Feynman vs. Computer

A blogger pitted Richard Feynman’s clever hand‑math against four lines of JavaScript that use random samples to estimate area under a curve. The demo nails a simple case (0.70 vs 0.69) and stumbles on a spiky one, and the comments immediately split into Team RNG vs Team Real Math. The loudest spark came when eig asked if this beats Runge‑Kutta, and a swarm replied: that’s for solving differential equations, not counting area. Cue a brawl over classic quadrature (like Simpson’s rule) versus Monte Carlo, with one side crowning randomness as king of hard shapes and high dimensions, and the other calling it lazy.

Then came the plot twist: JKCalhoun rolled in with retro vibes, claiming an op‑amp integrator can literally output the area as a voltage.

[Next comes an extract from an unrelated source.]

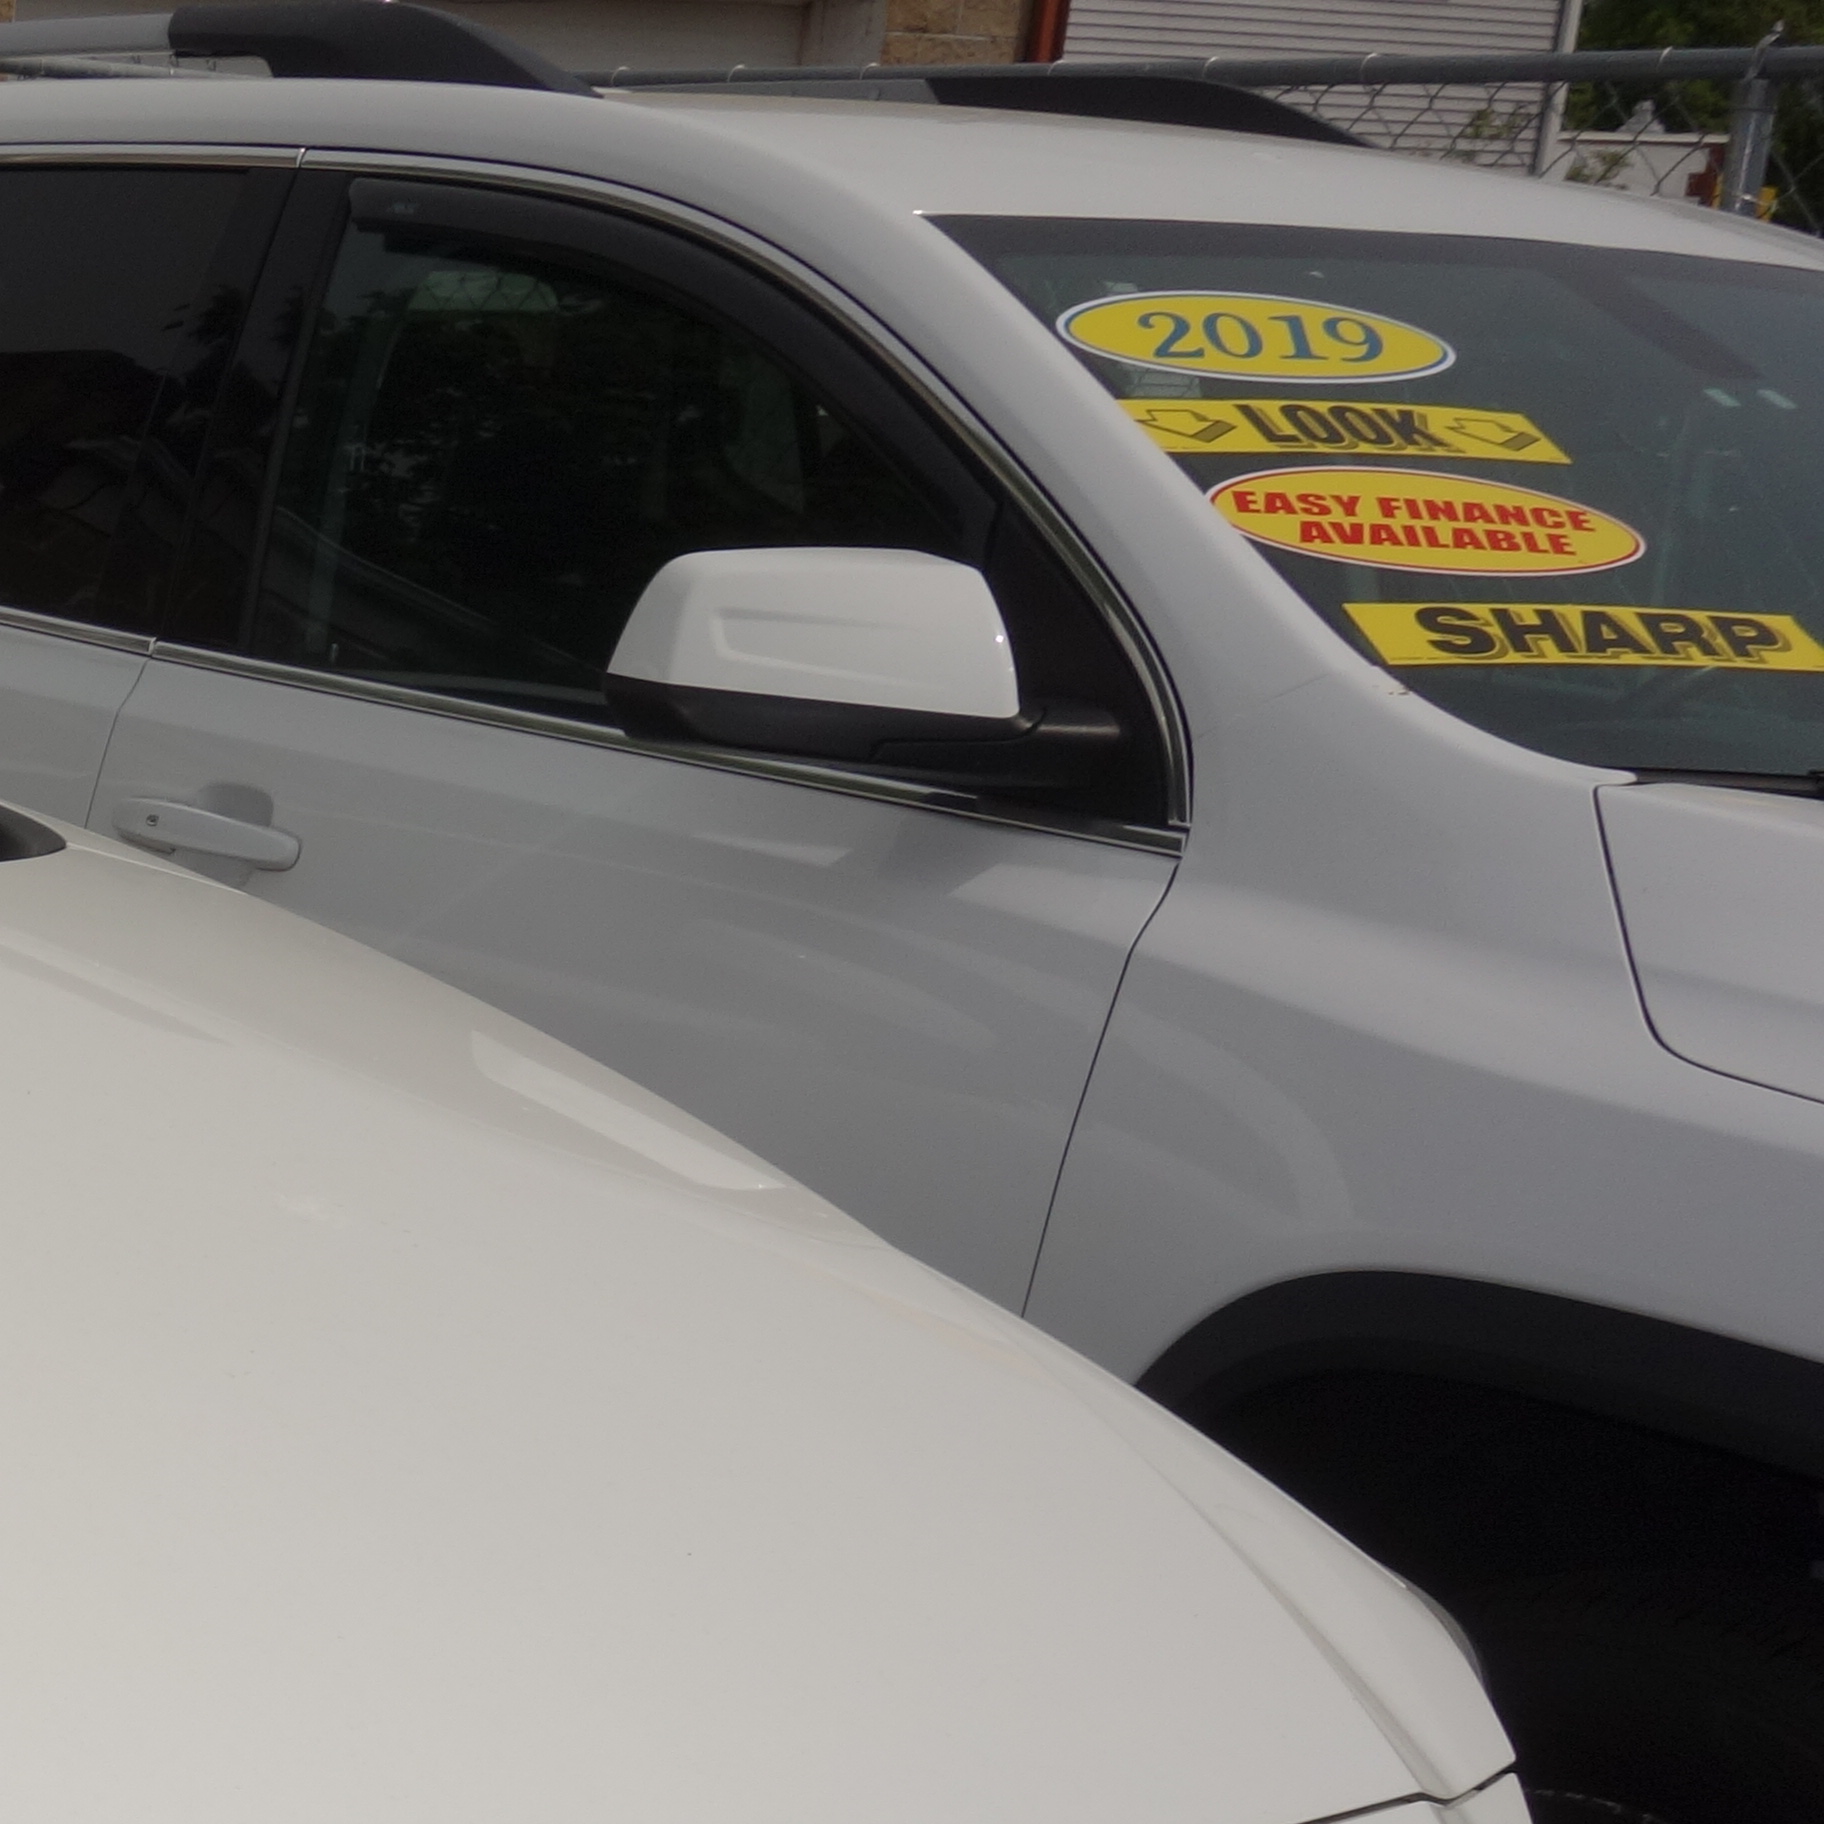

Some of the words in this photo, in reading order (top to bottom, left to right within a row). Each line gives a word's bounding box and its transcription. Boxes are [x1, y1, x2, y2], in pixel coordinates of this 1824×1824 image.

Half the thread screamed “science fair legend,” the other half yelled “okay but who’s soldering at 2 a.m.” Bananaflag’s curiosity about integrals that return functions sparked mini‑lectures on “function‑valued answers,” while messe dropped a mischievous hack—plug in a weird number like Zeta[3] and back‑solve—which earned equal parts eye‑rolls and applause.

Animats framed the mood: numerical integration is forgiving, symbolic integration is a maze. Memes flew—“RNGesus take the wheel,” “Feynman vs JavaScript cage match”—as the crowd debated whether quick code beats deep math when the curve gets nasty.